Group	Dose level mg/kg/day	Female/Male Nos.	In-Life Reason	Histopathology
1	0	- / 01	Not mated	-/-
		- / 03	Not mated	-/-
		49 / 09	Not pregnant	-/-
2	100	- / 14	Not mated	-/-
		- / 19	Not mated	-/-
		59 / 20	Not pregnant	-/-
		60 / 20	Not pregnant	-/-
3	300	62 / 22	Not pregnant	-/-
4	1000	-  / 39	Not mated	-/-
-        = not applicable.

Applicant's summary and conclusion

Conclusions:

In an oral screening study for reproductive and developmental effects, performed according to OECD guideline 421 and following GLP principles, both the parental and the reproduction NOAEL for Thickener (MDI-CHA-ODA) were derived to be ≥1000 mg/kg bw/day, based on the absence of adverse effects up to and including 1000 mg/kg bw/day.

Executive summary:

A 28-day screening study for reproductive and/or developmental effects was performed according to OECD/EC guidelines and GLP principles. Thickener (MDI-CHA-ODA) was administered by daily oral gavage at dose levels of 100, 300 and 1000 mg/kg bw/day. The control group received the vehicle, corn oil, alone. Males were treated for 29-37 days, females that delivered offspring were treated for 50-68 days and females that failed to deliver pups were treated for 42-55 days.

No parental toxicity was observed up to the highest dose level tested (1000 mg/kg bw/day). No treatment-related changes were noted in any of the parameters investigated in this study (i.e. clinical appearance, body weight, food consumption, male T4 thyroid hormone levels, macroscopic examination, organ weights, and microscopic examination).

No reproduction toxicity was observed up to the highest dose level tested (1000 mg/kg bw/day). No treatment-related changes were noted in any of the reproductive parameters investigated in this study (i.e. mating and fertility indices, precoital time, number of implantations, estrous cycle, spermatogenic profiling, and histopathological examination of reproductive organs).

No developmental toxicity was observed up to the highest dose level tested (1000 mg/kg bw/day).

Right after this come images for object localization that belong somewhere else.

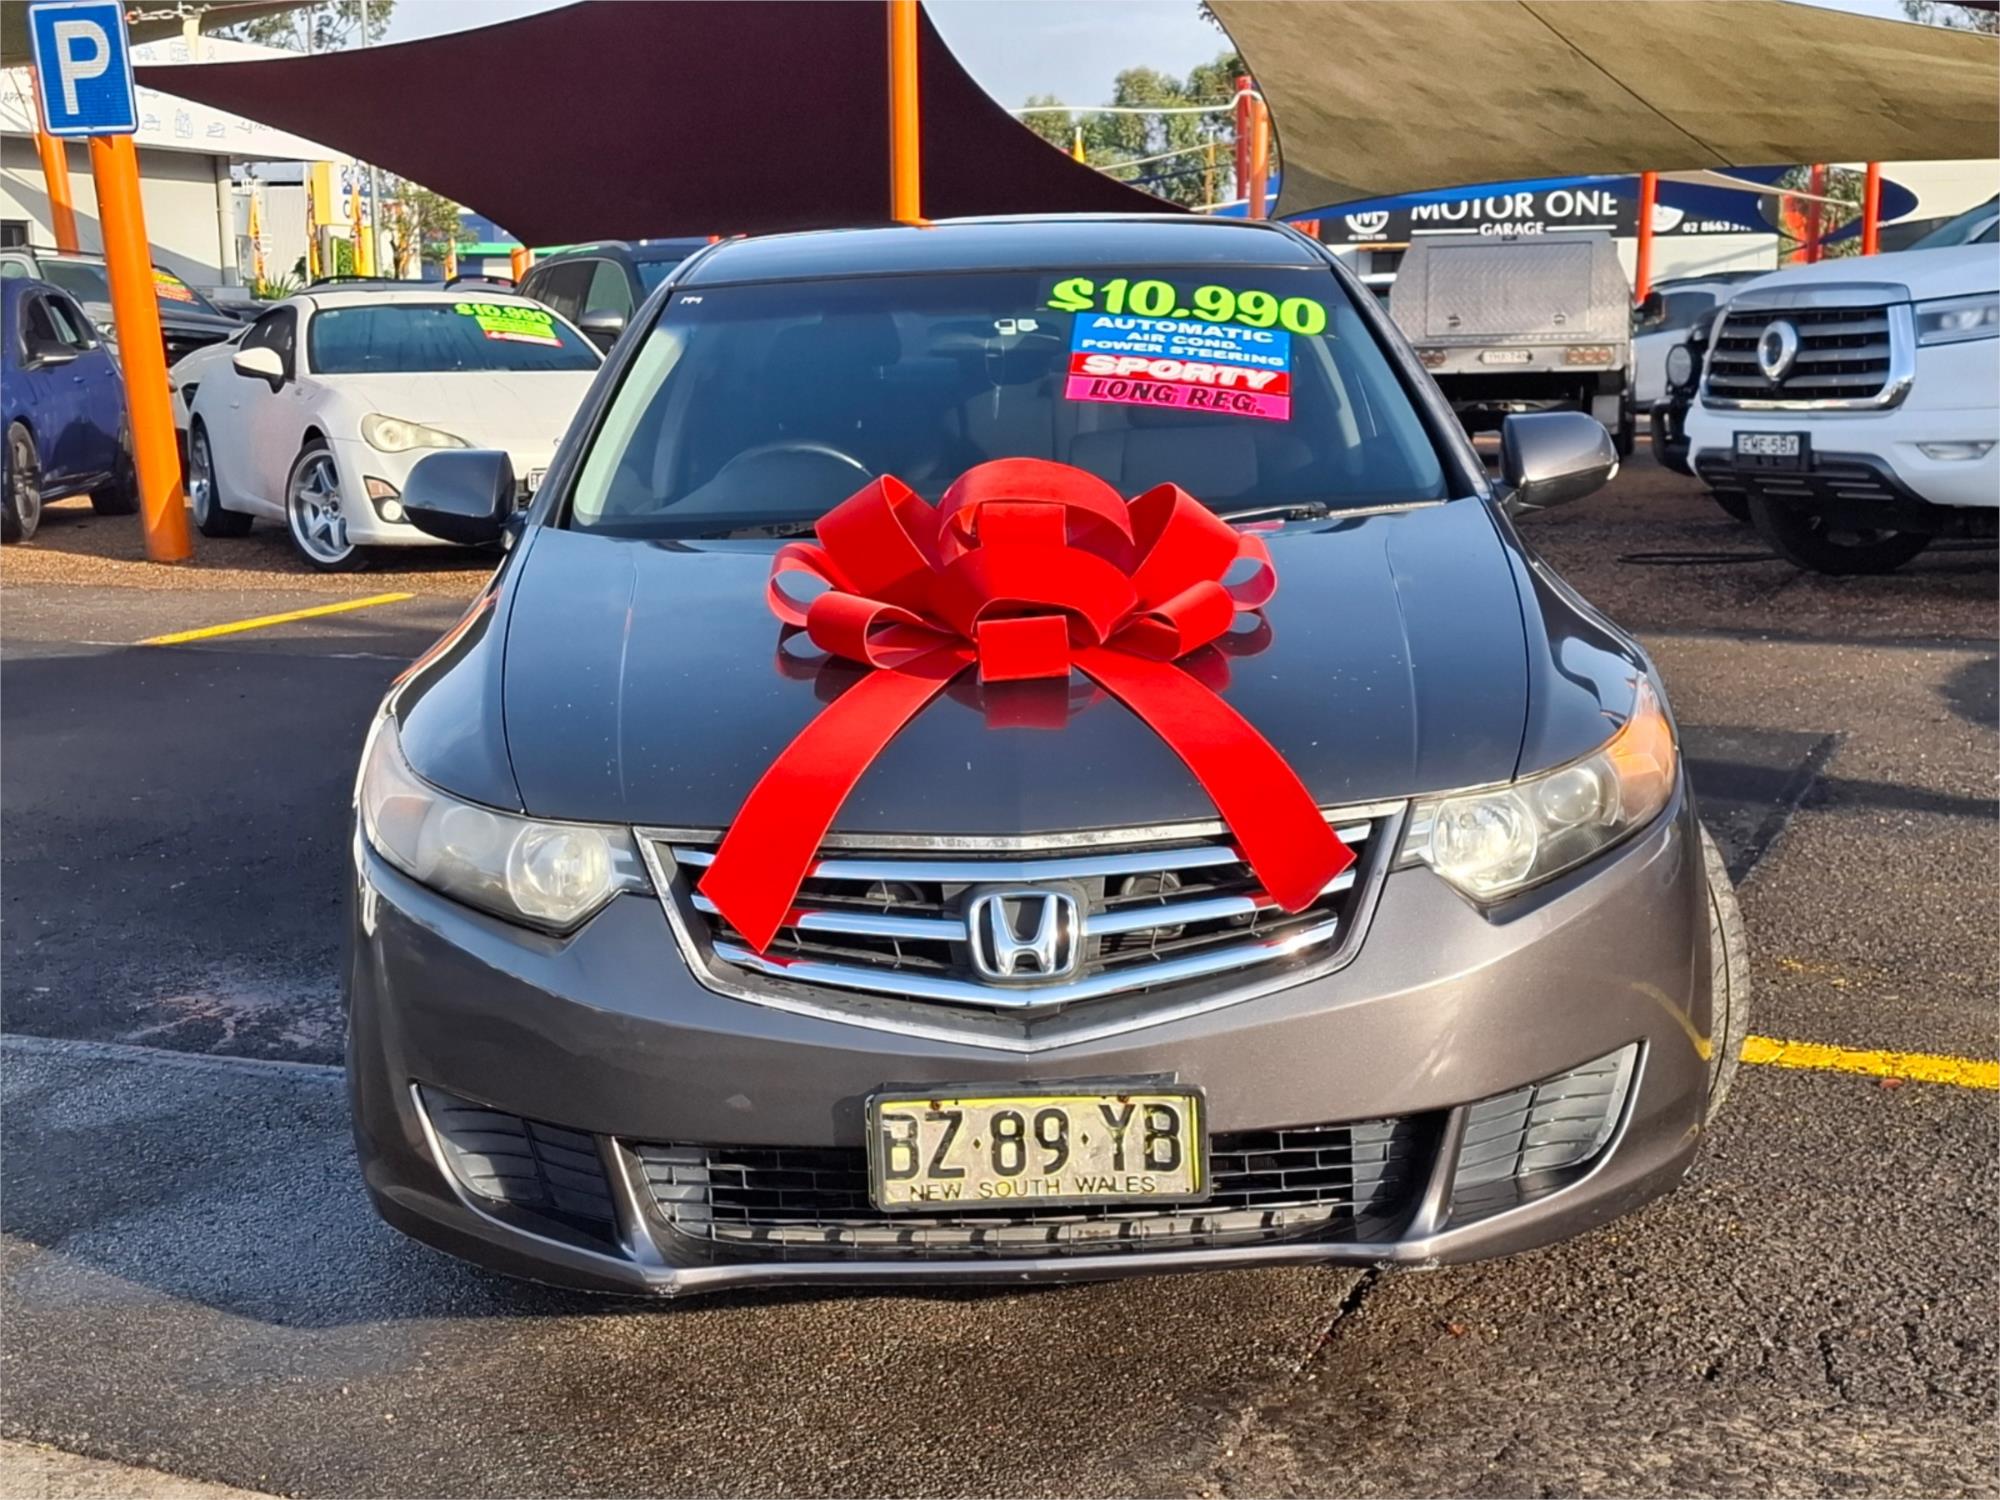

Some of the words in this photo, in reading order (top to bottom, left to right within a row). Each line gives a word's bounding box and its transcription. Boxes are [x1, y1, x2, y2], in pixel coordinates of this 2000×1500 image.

[53, 19, 111, 116] P
[1545, 190, 1618, 217] ONE
[1480, 221, 1545, 236] GARAGE
[1682, 221, 1698, 233] 02
[1047, 277, 1327, 336] $10.990
[1091, 316, 1274, 344] AUTOMATIC
[1126, 331, 1164, 343] AIR
[1172, 334, 1243, 351] COND.
[1081, 339, 1163, 353] POWER
[1169, 345, 1286, 366] STEERING
[1081, 354, 1279, 390] SPORTY
[1088, 379, 1175, 403] LONG
[1187, 388, 1266, 415] REG.
[909, 1183, 963, 1201] NEW
[978, 1180, 1061, 1198] SOUTH
[1074, 1175, 1157, 1194] WALES

No treatment-related changes were noted in any of the developmental parameters investigated in this study (i.e. gestation, viability and lactation indices, duration of gestation, parturition, sex ratio, maternal care, litter size and early postnatal pup development consisting of mortality, clinical signs, body weight, anogenital distance, areola/nipple retention, T4 thyroid hormone levels and macroscopic examination).

In conclusion, the parental NOAEL as well as the NOAELs for reproduction and developmental effects were concluded to be at least 1000 mg/kg bw/day.